(05.06.21 , neue Züricher Zeitung , Original : hier )
Weltweit transformiert tauender Permafrost die Erdoberfläche. In den Alpen rechnen Forscher mit Felsstürzen und Muren; in der Tundra entstehen Seen, Häuser bekommen Risse. Die Ungewissheit, wie schnell das weitergeht, ist noch sehr gross. (Sven Titz)
Der Spitze Stein, eine Felsnase oberhalb von Kandersteg im Kanton Bern, droht zu zerbrechen. 20 Millionen Kubikmeter Gestein seien in dem Gebiet in Bewegung, sagt Nils Hählen, der Leiter der Abteilung Naturgefahren im Kanton Bern. Kleinere Rutschungen seien am Spitzen Stein ebenso möglich wie Felsstürze und grosse Bergstürze.

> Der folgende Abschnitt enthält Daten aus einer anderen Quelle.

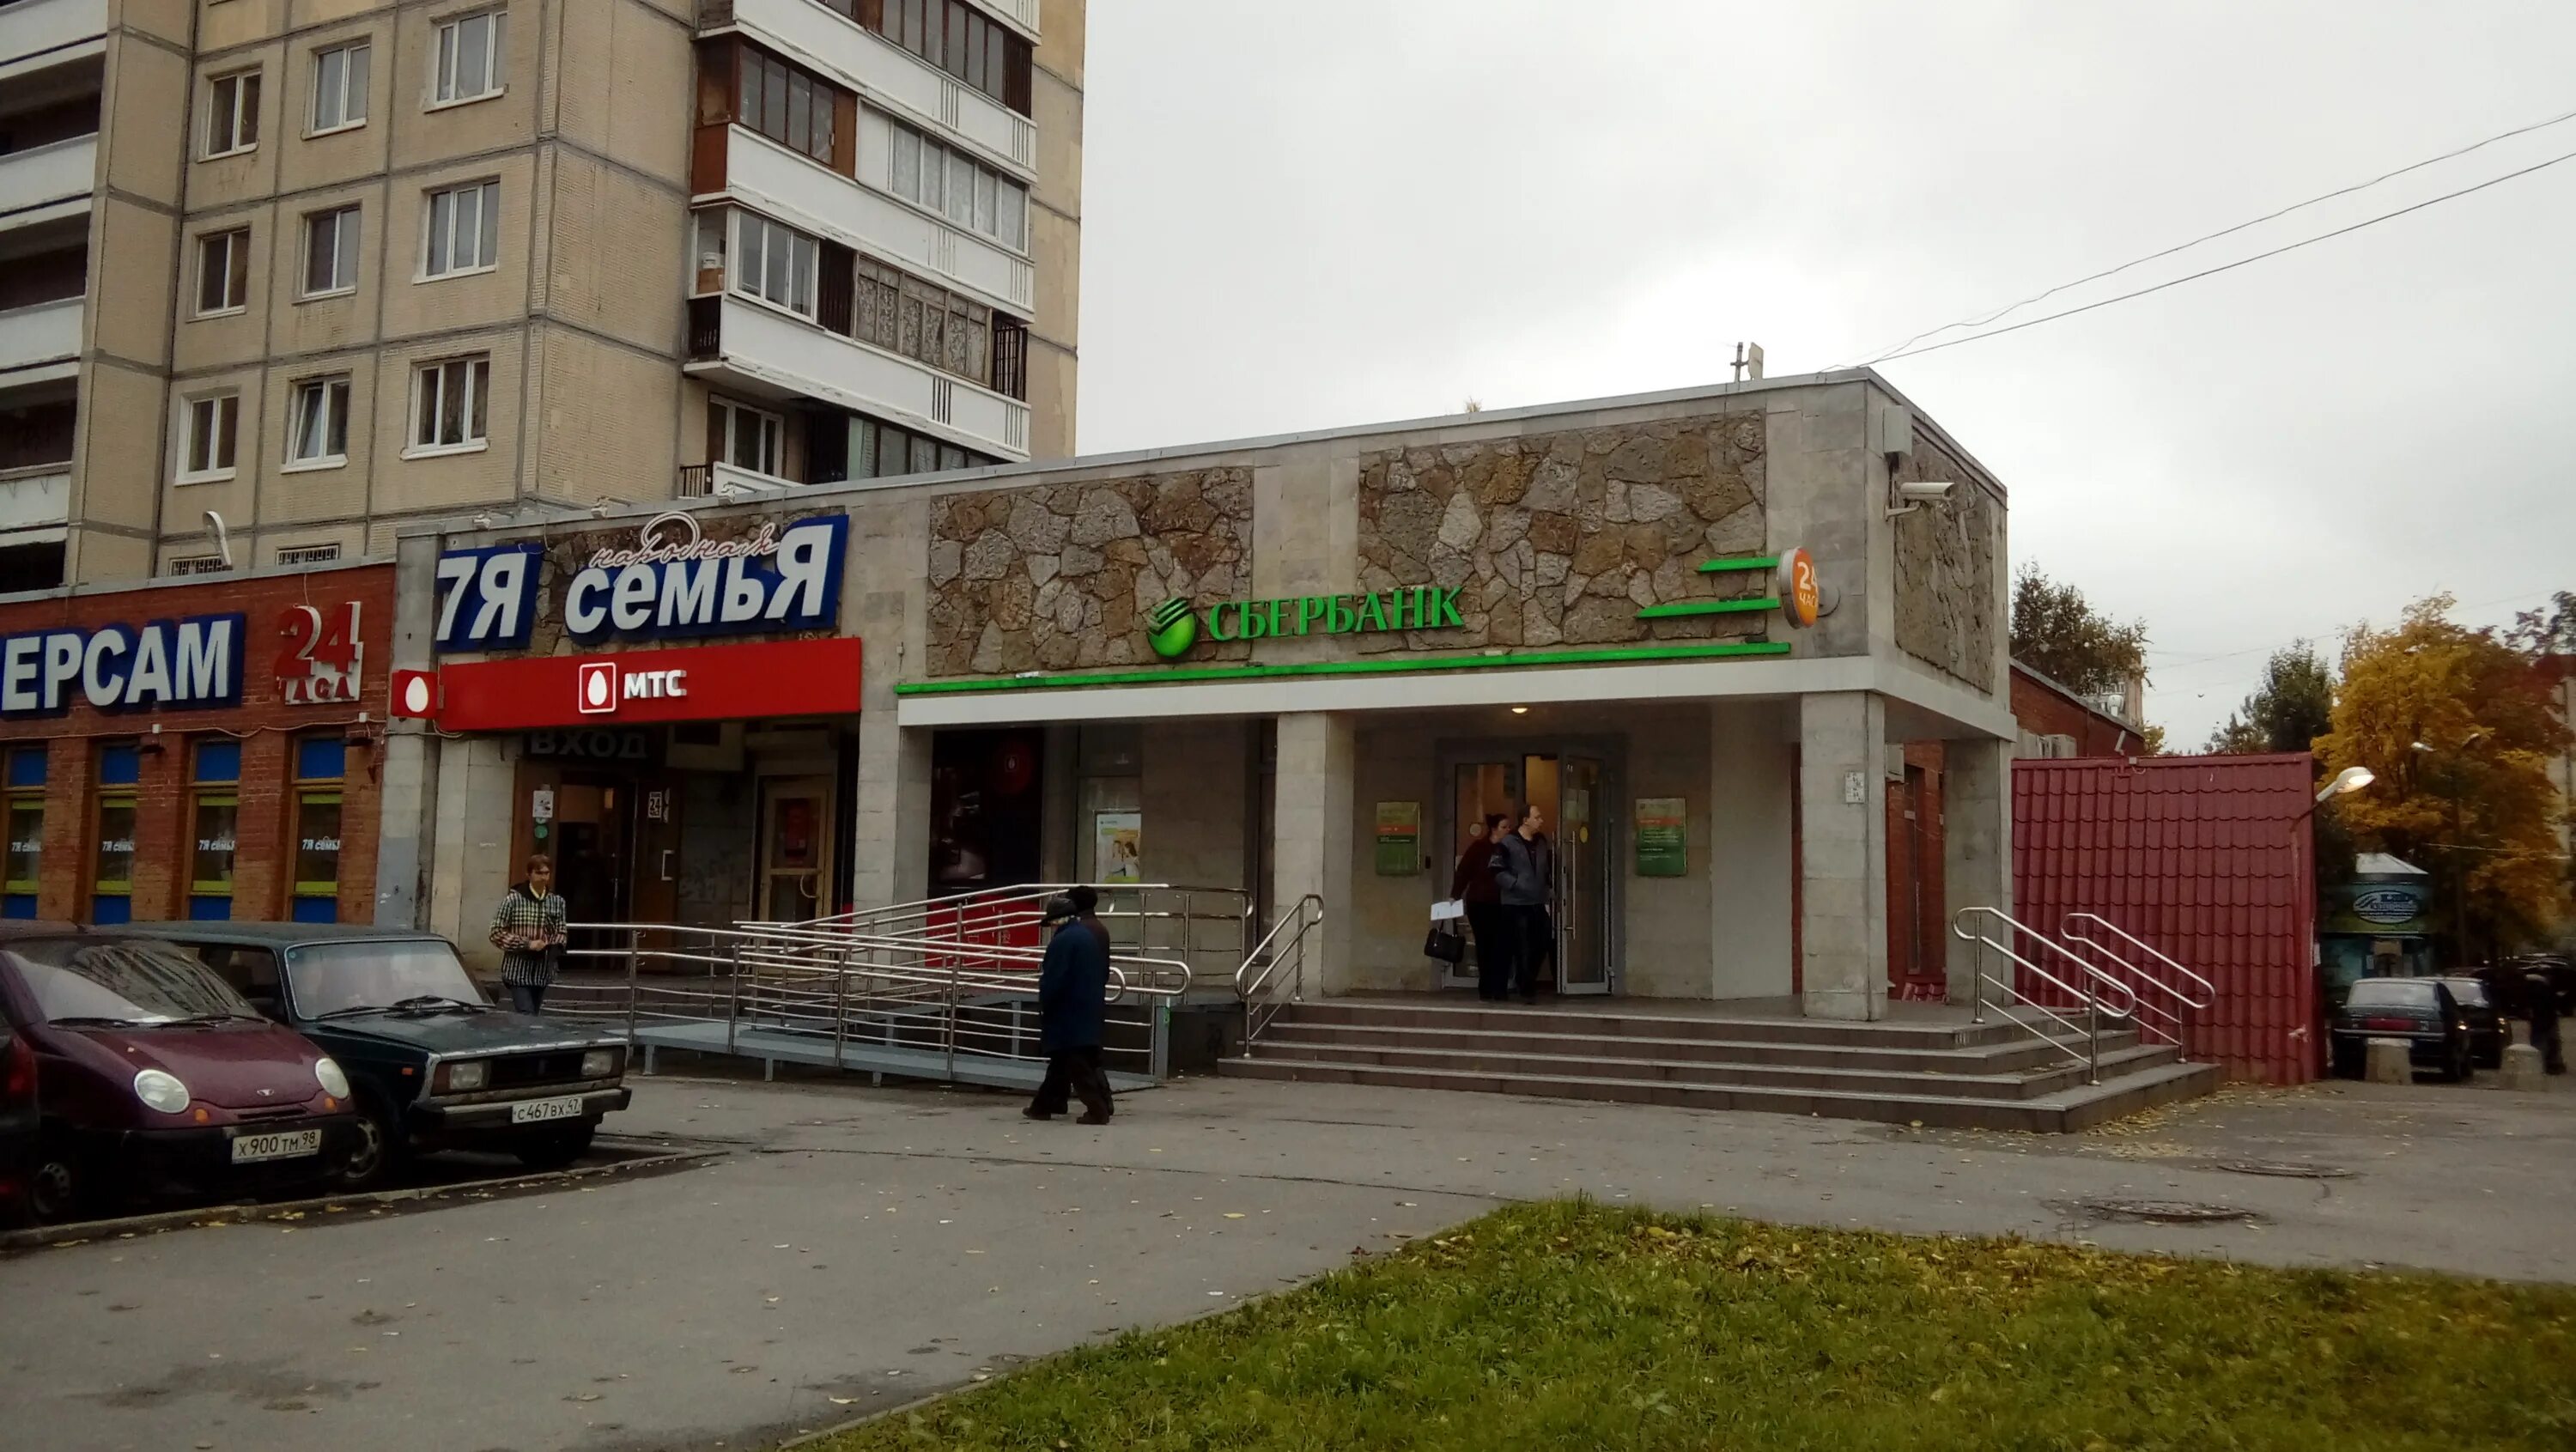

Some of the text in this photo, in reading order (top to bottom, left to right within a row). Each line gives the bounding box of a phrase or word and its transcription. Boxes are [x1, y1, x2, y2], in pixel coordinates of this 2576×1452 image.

[436, 551, 526, 641] 7Я
[1208, 584, 1465, 642] СБЕРБАНК
[2, 620, 232, 711] ЕРСАМ
[274, 601, 363, 677] 24
[623, 669, 687, 700] МТС
[531, 729, 648, 758] ВХОД
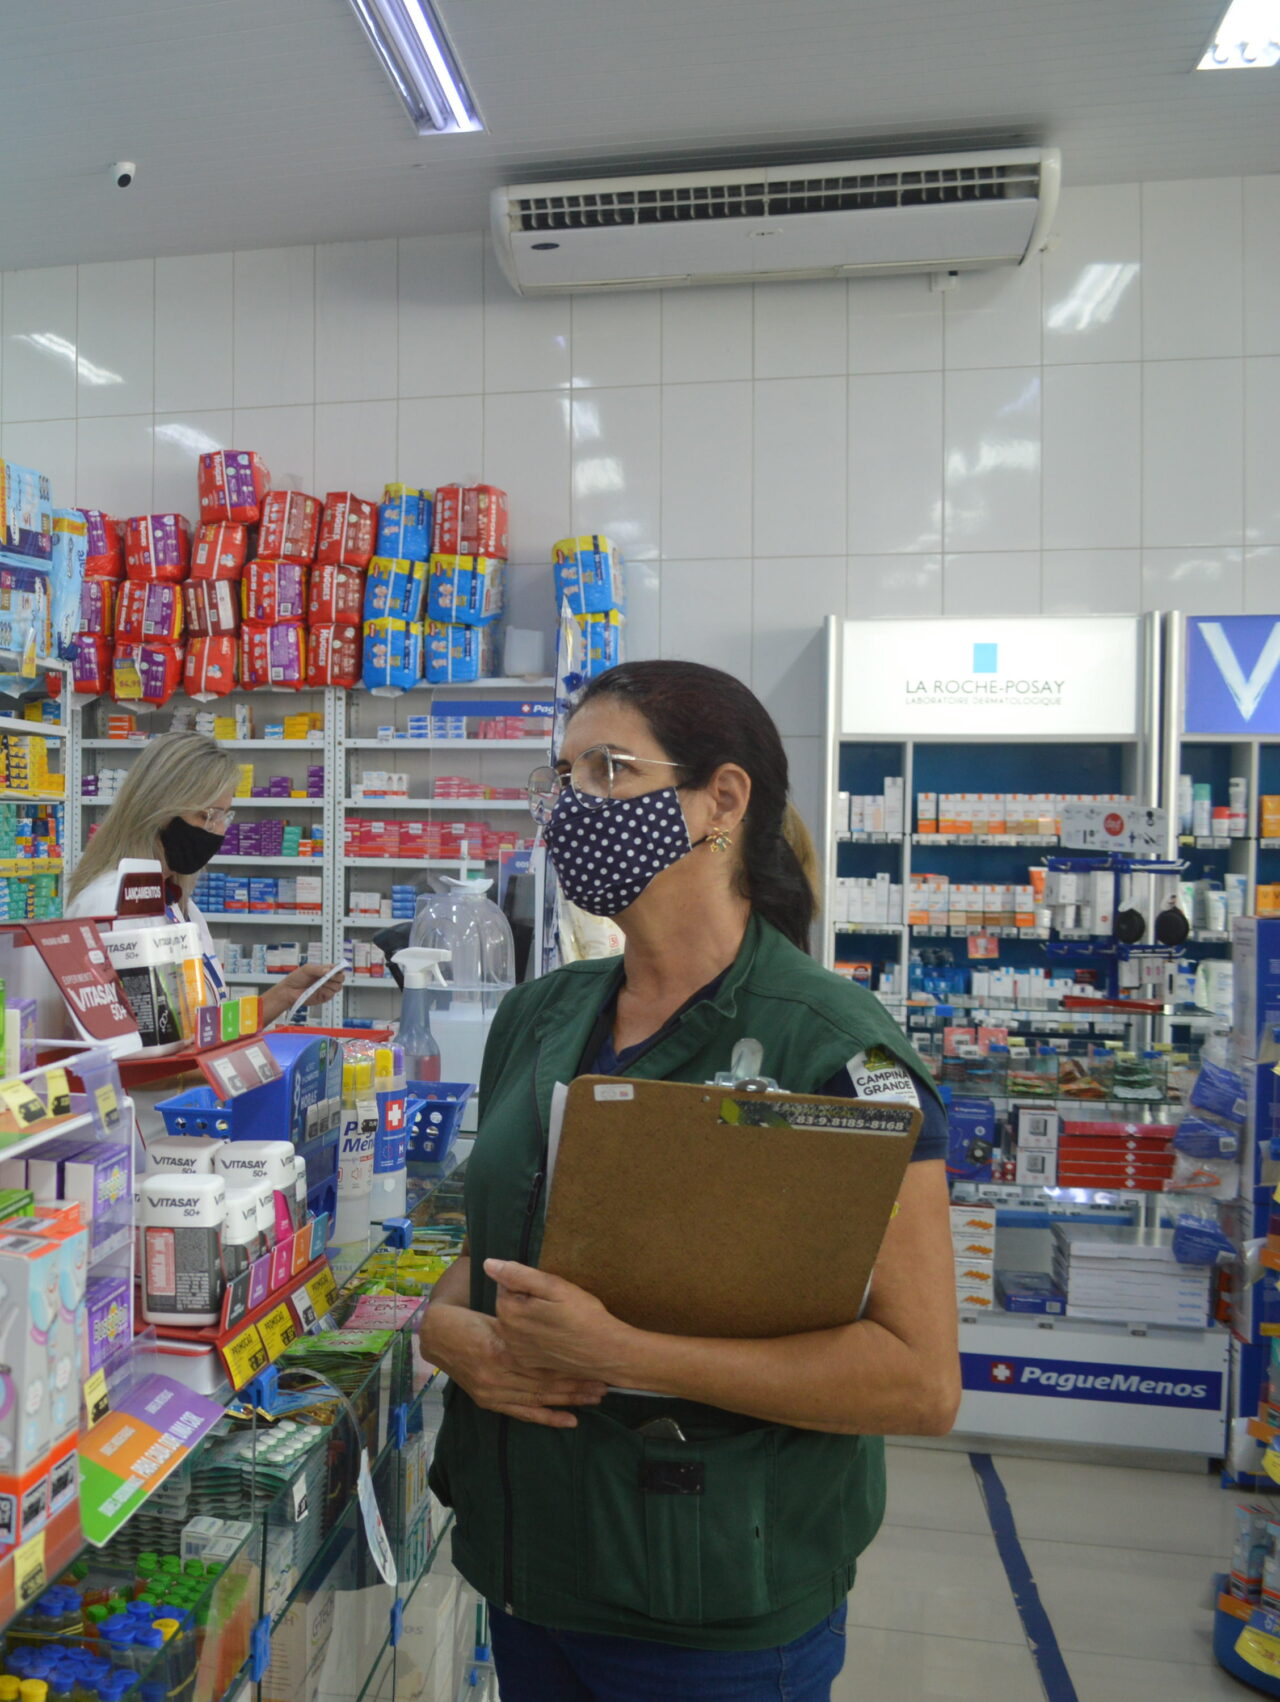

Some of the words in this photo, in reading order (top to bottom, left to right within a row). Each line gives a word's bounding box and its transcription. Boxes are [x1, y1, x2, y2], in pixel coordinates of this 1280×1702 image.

[905, 680, 928, 695] LA
[933, 680, 1066, 695] ROCHE-POSAY
[124, 885, 162, 903] LANÇAMENTOS
[125, 952, 140, 960] 50+
[67, 982, 119, 1012] VITASAY
[110, 1004, 128, 1022] 50+
[856, 1069, 909, 1088] CAMPINA
[862, 1080, 913, 1097] GRANDE
[151, 1154, 198, 1168] VITASAY
[221, 1158, 268, 1170] VITASAY
[252, 1169, 269, 1178] 50+
[146, 1196, 201, 1209] VITASAY
[183, 1208, 201, 1217] 50+
[373, 1303, 408, 1312] ENO
[1020, 1366, 1208, 1399] PagueMenos
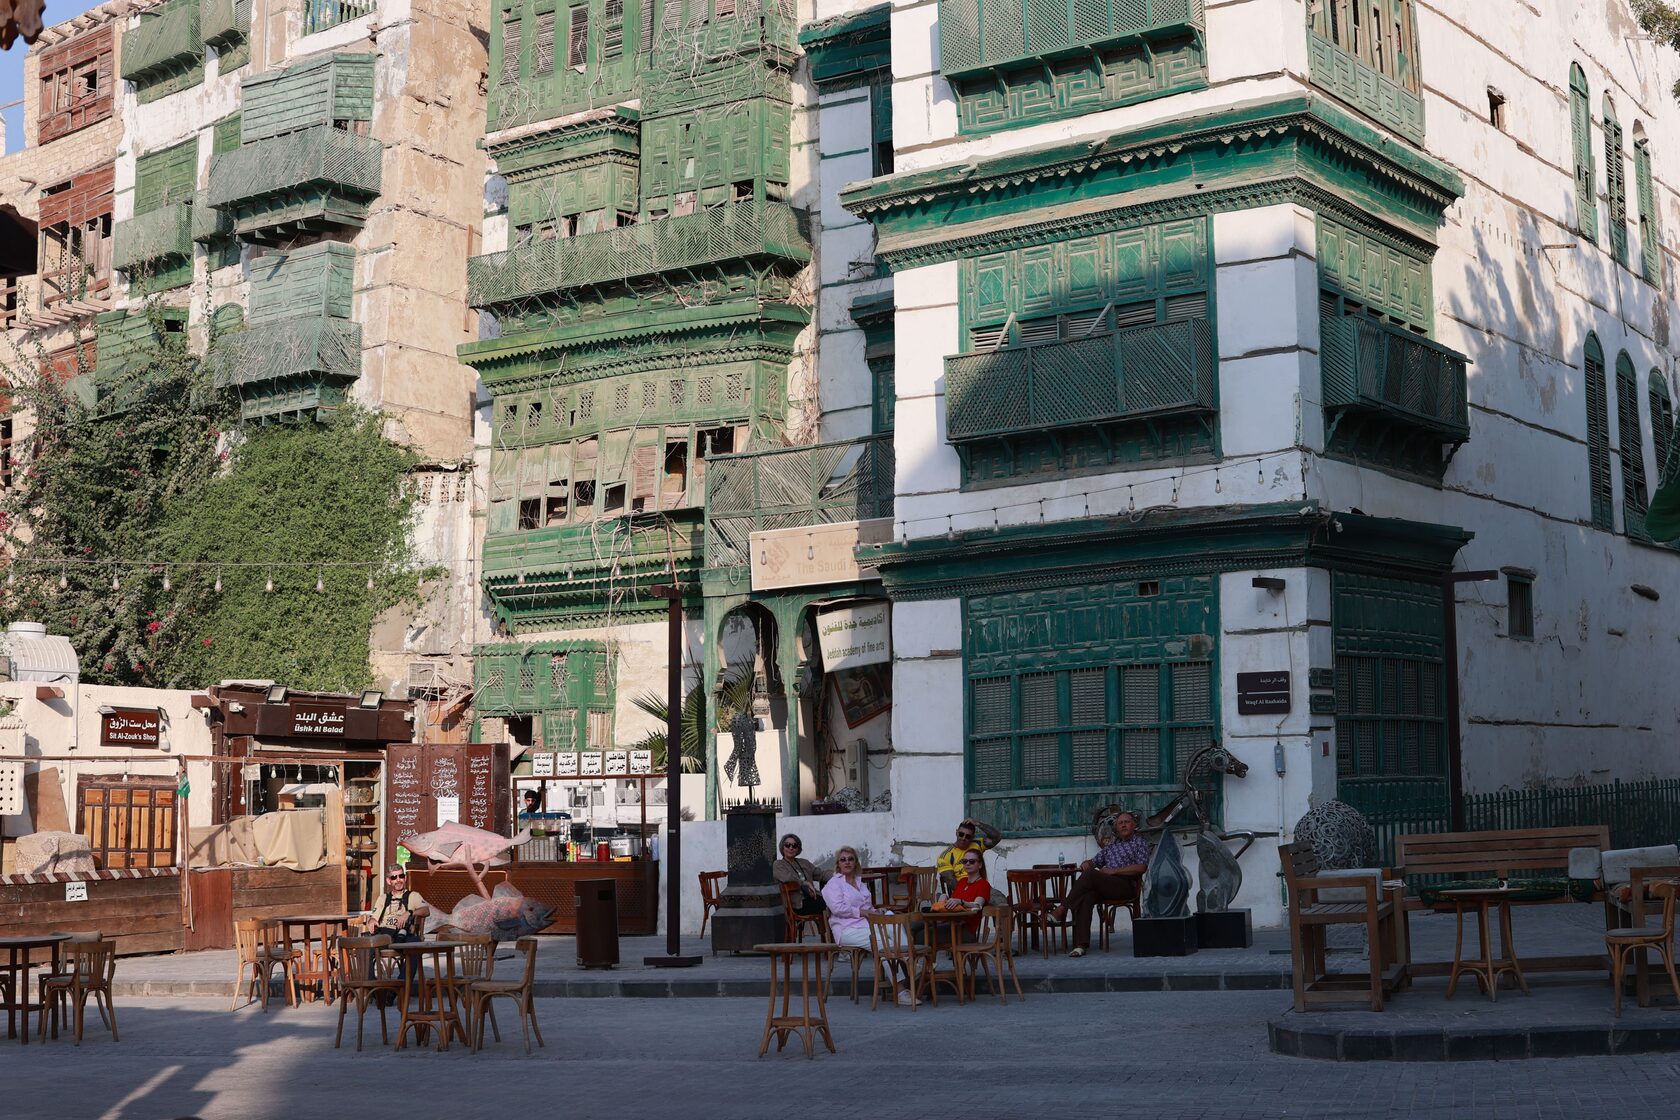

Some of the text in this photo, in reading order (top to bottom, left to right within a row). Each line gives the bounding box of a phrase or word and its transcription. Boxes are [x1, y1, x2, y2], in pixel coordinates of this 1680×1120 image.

Bohrungen in steilem Gelände
Wie gravierend, wie verbreitet ist dieses Problem? Antworten können Forscher geben, die seit vielen Jahren verfolgen, wie der Permafrost im Hochgebirge auftaut. Seit 2000 werden die Veränderungen in den Schweizer Alpen vom Permafrost-Überwachungs-Netzwerk «Permos» beobachtet. Eine wichtige Messstation wurde aber schon 1988 unterhalb des Piz Corvatsch im Engadin eingerichtet.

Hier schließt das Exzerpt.